4.                                        Expenses .  MEC will reimburse the Consultant for all reasonable business expenses actually and properly incurred in carrying out the Project to the extent specifically required by MEC under this agreement and in accordance with MEC’s expense reimbursement guidelines.  If the Consultant travels outside of Canada on MEC business, it will be the Consultant’s responsibility to maintain adequate medical coverage.  The Consultant will supply original vouchers and receipts to support all expenses, will itemize such expenses on a standard MEC expense report, and will obtain advance approval from MEC’s Chief Financial Officer for any individual expense in excess of US$2,500.

5.                                        Coordination of Services .  The Consultant will carry out those services needed to complete the Project with the assistance and under the direction of the MEC Board of Directors (the “Board”).  The Consultant will liaise with members of MEC management and those other employees and consultants of MEC and will provide written and verbal reports as requested by the Board from time to time.  For greater certainty, the Consultant acknowledges and agrees that MEC will make its own determination of whether to pursue or consummate any transaction that the Consultant may suggest or recommend.

6.                                        Term .  This agreement will commence effective [September] •, 2007 and terminate on [December 12, 2008] , unless terminated earlier in accordance with this paragraph.  This agreement may be immediately terminated by (i) mutual agreement of the parties or (ii) MEC at any time in the event the Consultant is in material breach of the provisions of this agreement, or the Designated Consultant dies or becomes disabled to such an extent that he is unable to perform services for the Consultant as provided for in this agreement in any material way.  In addition, MEC may terminate this agreement at any time by giving the Consultant [thirty (30)] days prior written notice.
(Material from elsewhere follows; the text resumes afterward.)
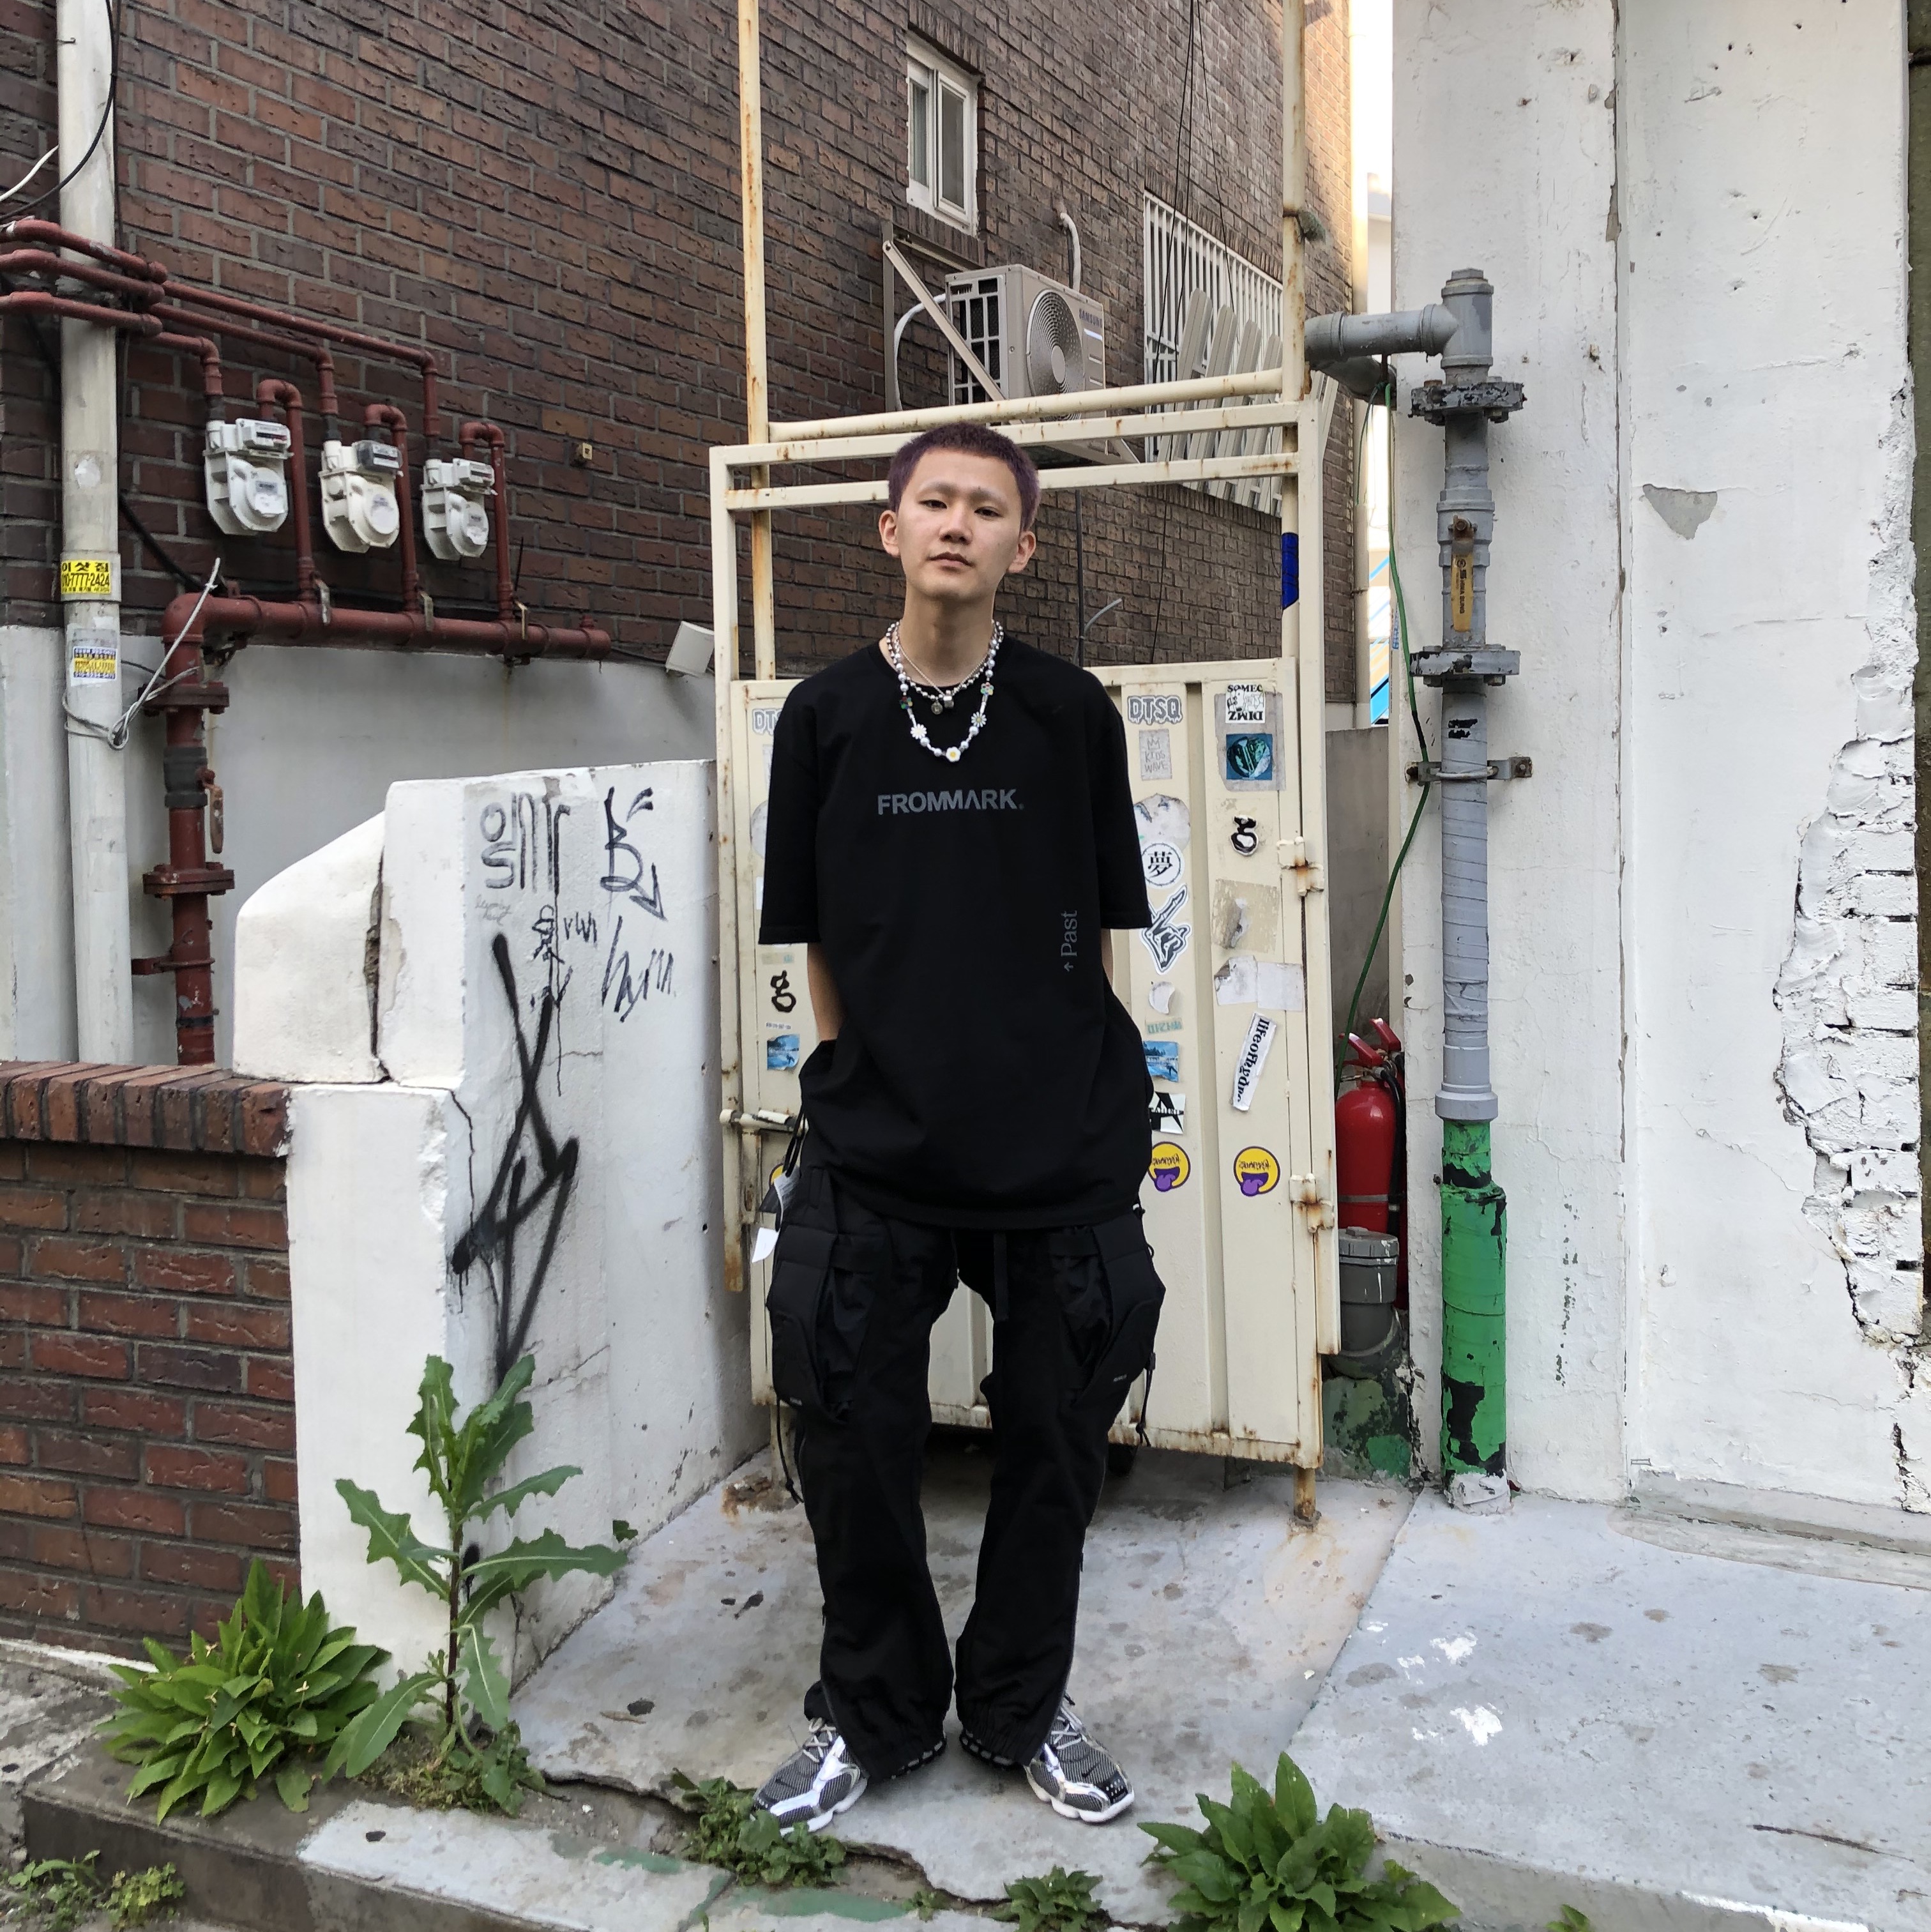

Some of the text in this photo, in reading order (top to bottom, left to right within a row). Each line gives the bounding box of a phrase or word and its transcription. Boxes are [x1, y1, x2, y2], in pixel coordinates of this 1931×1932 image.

7.                                        Independent Contractors .  The Consultant is an independent contractor and in no way will the Consultant be considered as an employee, agent or joint venturer of MEC.  Subject to coordination with the persons described in paragraph 5, the Consultant will determine how, where and when it will carry out its consulting services and other obligations under this agreement.  The Consultant will have no authority to represent MEC except as a consultant nor to bind it in any way and agrees that it will not hold itself out as having authority to act for MEC or its affiliates.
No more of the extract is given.